_PROVIDED MATERIAL_
• • • • •

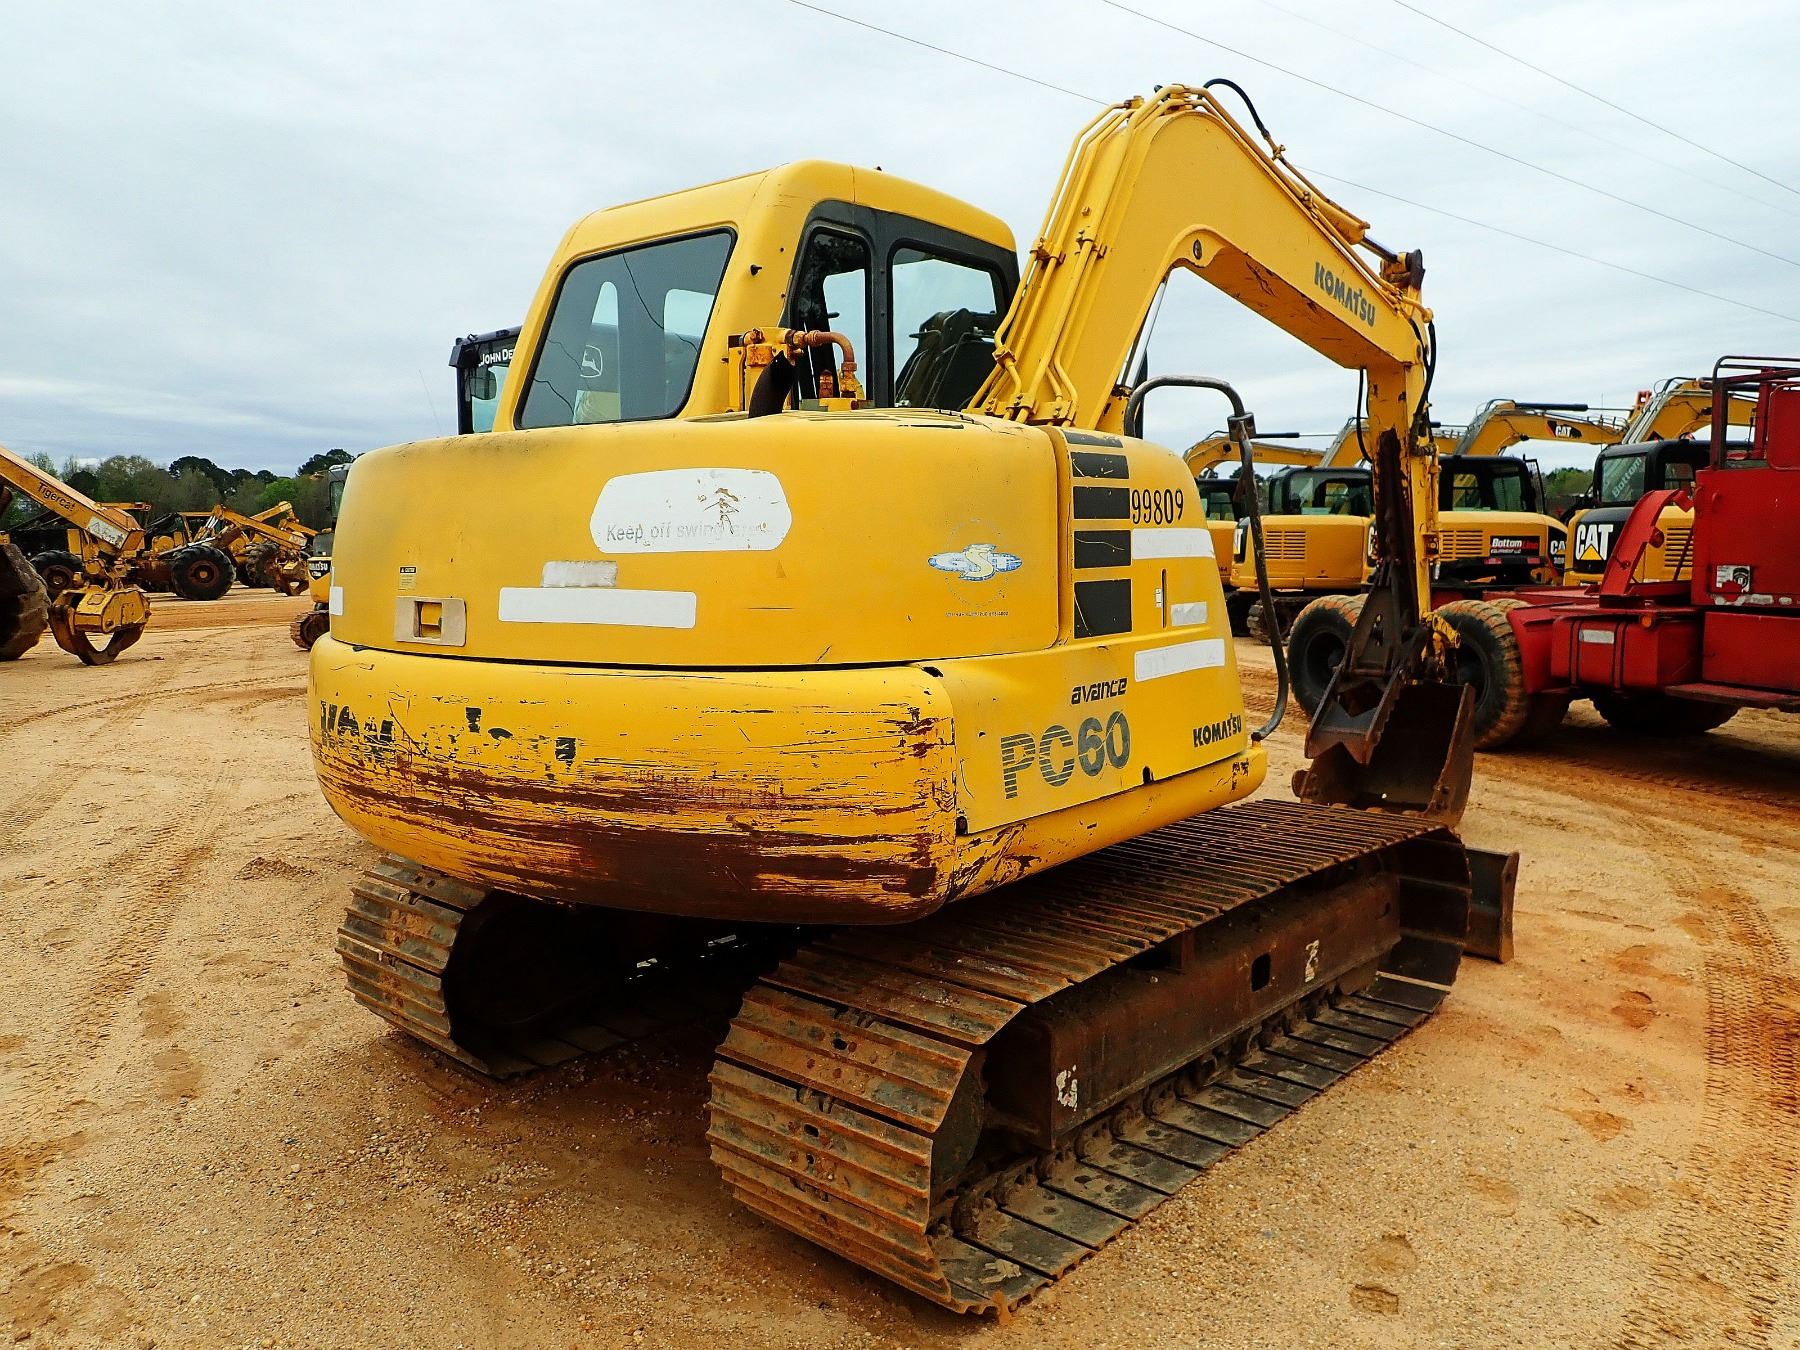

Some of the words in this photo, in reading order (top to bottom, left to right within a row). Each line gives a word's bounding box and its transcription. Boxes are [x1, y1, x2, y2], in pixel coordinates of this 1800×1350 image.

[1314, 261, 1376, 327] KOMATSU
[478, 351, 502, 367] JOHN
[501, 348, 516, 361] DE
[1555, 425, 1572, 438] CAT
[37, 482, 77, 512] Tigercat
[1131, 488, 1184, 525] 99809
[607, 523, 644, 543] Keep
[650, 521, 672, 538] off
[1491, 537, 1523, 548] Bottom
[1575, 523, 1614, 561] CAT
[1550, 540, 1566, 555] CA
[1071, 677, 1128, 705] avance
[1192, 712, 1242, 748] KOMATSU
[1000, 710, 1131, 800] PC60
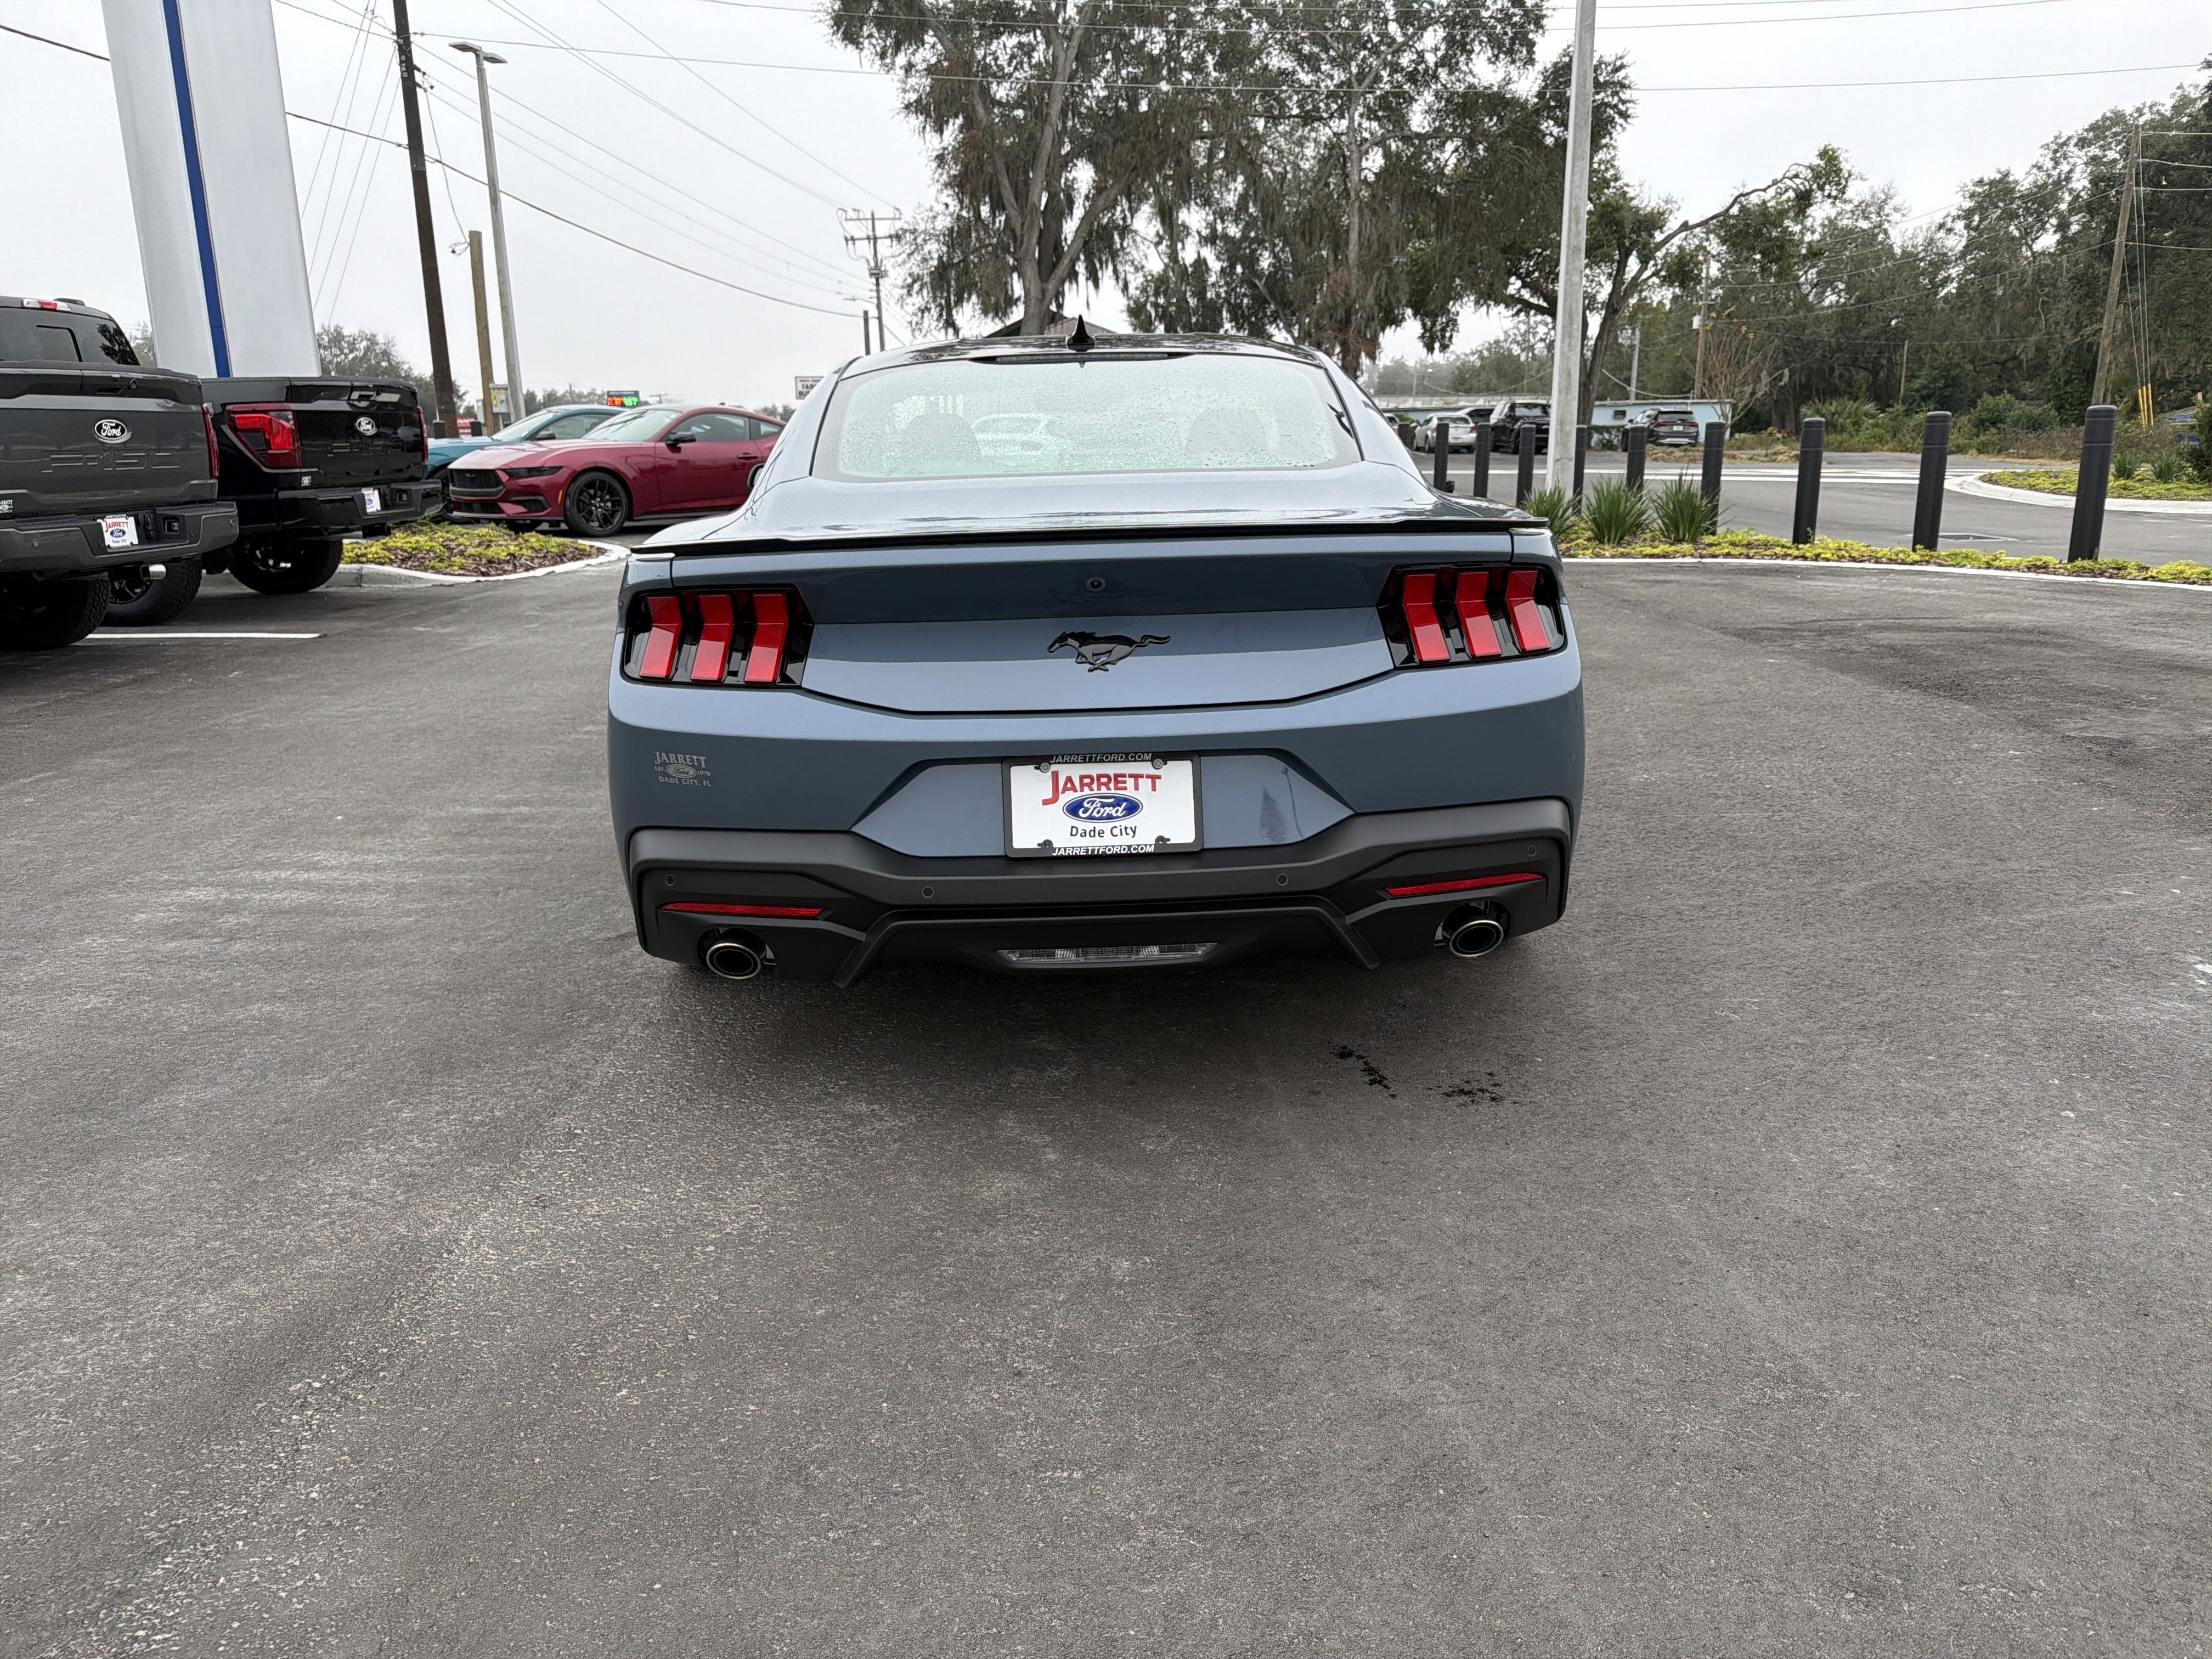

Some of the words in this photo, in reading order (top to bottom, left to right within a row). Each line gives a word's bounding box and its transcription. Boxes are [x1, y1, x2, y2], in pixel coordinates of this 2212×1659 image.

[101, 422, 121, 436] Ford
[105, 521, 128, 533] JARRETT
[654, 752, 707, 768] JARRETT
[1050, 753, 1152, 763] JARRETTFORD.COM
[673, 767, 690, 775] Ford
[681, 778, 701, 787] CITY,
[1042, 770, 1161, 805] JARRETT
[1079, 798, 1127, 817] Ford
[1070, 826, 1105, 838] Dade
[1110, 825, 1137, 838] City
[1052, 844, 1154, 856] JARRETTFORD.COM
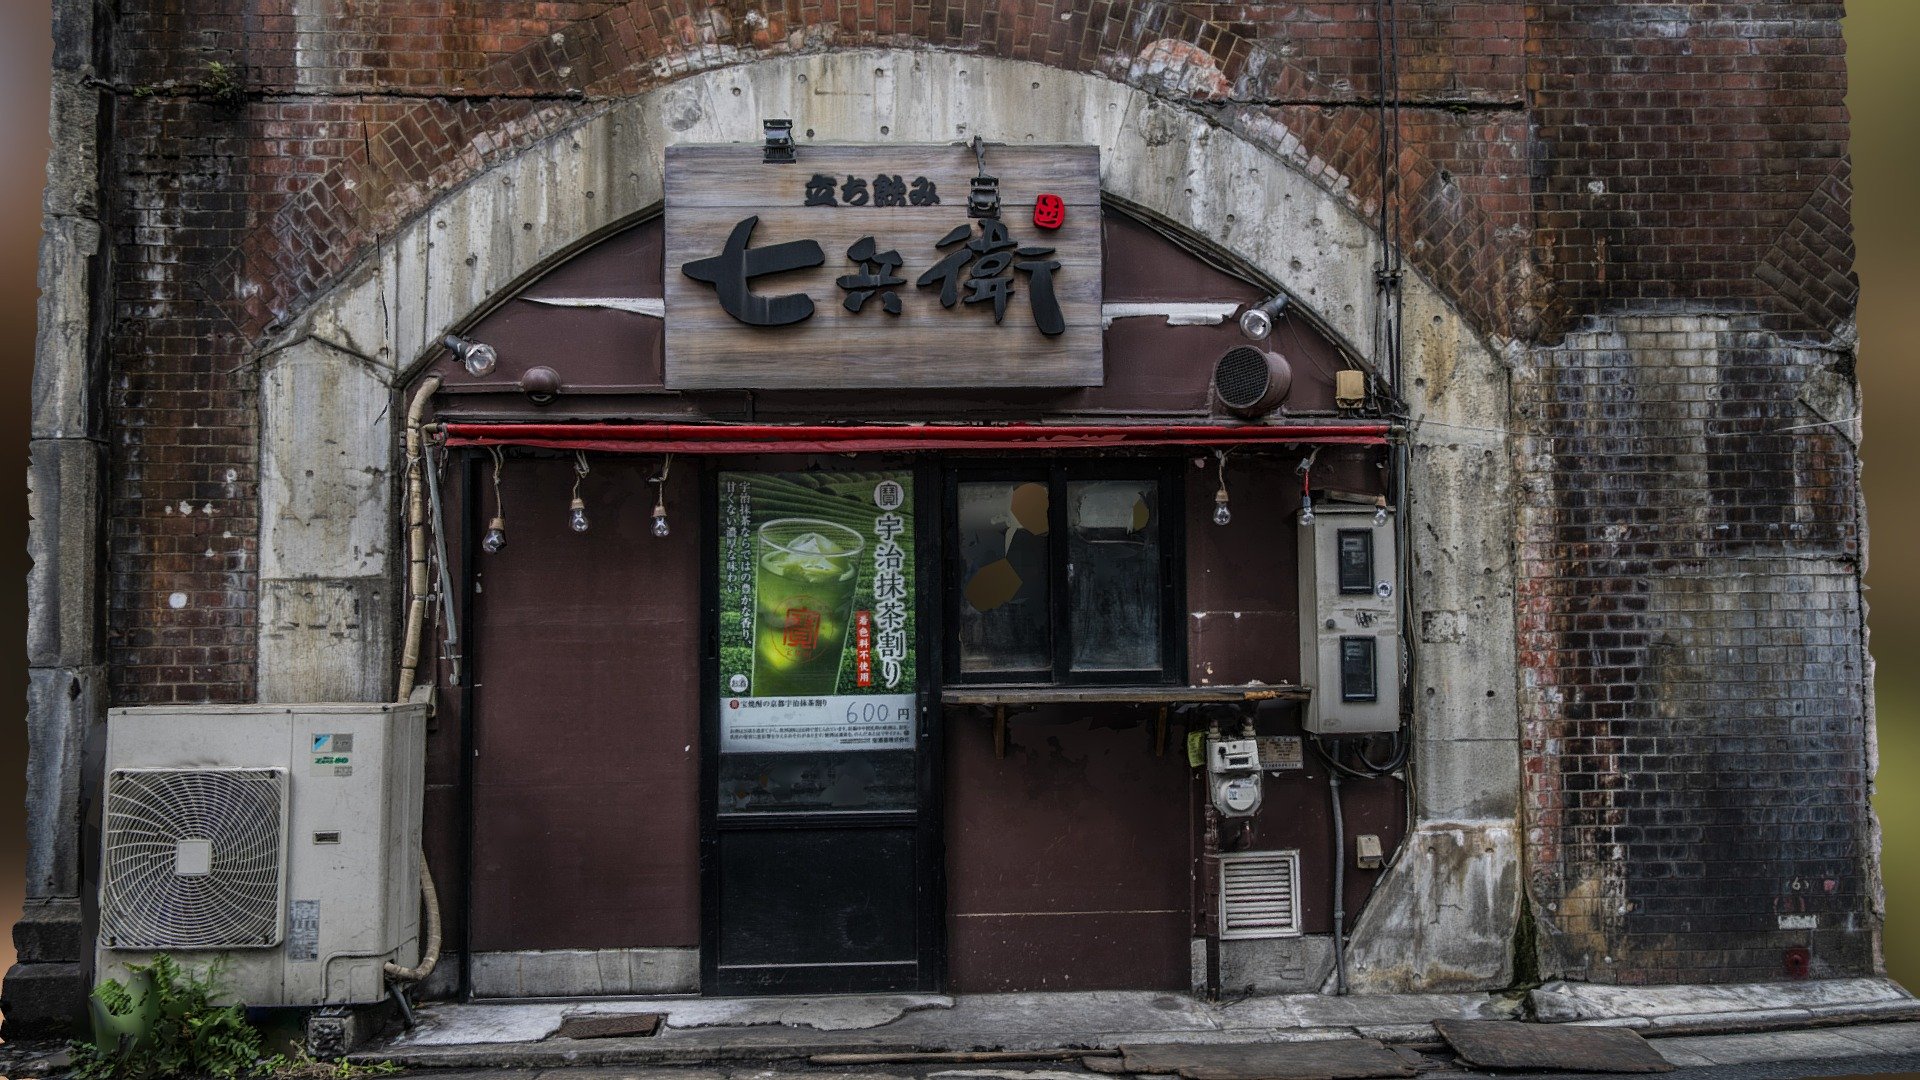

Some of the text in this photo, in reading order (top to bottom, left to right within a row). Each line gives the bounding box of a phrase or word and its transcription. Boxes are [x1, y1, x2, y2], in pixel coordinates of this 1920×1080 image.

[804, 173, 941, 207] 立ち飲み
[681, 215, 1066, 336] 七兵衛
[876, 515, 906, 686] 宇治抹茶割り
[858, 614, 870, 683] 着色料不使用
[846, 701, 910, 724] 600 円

• • • • •

_TASK TO COMPLETE_
Each record should be written out exactly, and each image should be omitted.

_YOUR SOLUTION_
Some of the words in this photo, in reading order (top to bottom, left to right within a row). Each line gives a word's bounding box and its transcription. Boxes are [x1, y1, x2, y2], in pixel coordinates of this 1800×1350 image.

[1314, 261, 1376, 327] KOMATSU
[478, 351, 502, 367] JOHN
[501, 348, 516, 361] DE
[1555, 425, 1572, 438] CAT
[37, 482, 77, 512] Tigercat
[1131, 488, 1184, 525] 99809
[607, 523, 644, 543] Keep
[650, 521, 672, 538] off
[1491, 537, 1523, 548] Bottom
[1575, 523, 1614, 561] CAT
[1550, 540, 1566, 555] CA
[1071, 677, 1128, 705] avance
[1192, 712, 1242, 748] KOMATSU
[1000, 710, 1131, 800] PC60

Some of the words in this photo, in reading order (top to bottom, left to right within a row). Each line gives a word's bounding box and its transcription. Boxes are [x1, y1, x2, y2], in pixel coordinates of this 2212×1659 image.

[101, 422, 121, 436] Ford
[105, 521, 128, 533] JARRETT
[654, 752, 707, 768] JARRETT
[1050, 753, 1152, 763] JARRETTFORD.COM
[673, 767, 690, 775] Ford
[681, 778, 701, 787] CITY,
[1042, 770, 1161, 805] JARRETT
[1079, 798, 1127, 817] Ford
[1070, 826, 1105, 838] Dade
[1110, 825, 1137, 838] City
[1052, 844, 1154, 856] JARRETTFORD.COM

Some of the text in this photo, in reading order (top to bottom, left to right within a row). Each line gives the bounding box of a phrase or word and its transcription. Boxes are [x1, y1, x2, y2], in pixel coordinates of this 1920×1080 image.

[804, 173, 941, 207] 立ち飲み
[681, 215, 1066, 336] 七兵衛
[876, 515, 906, 686] 宇治抹茶割り
[858, 614, 870, 683] 着色料不使用
[846, 701, 910, 724] 600 円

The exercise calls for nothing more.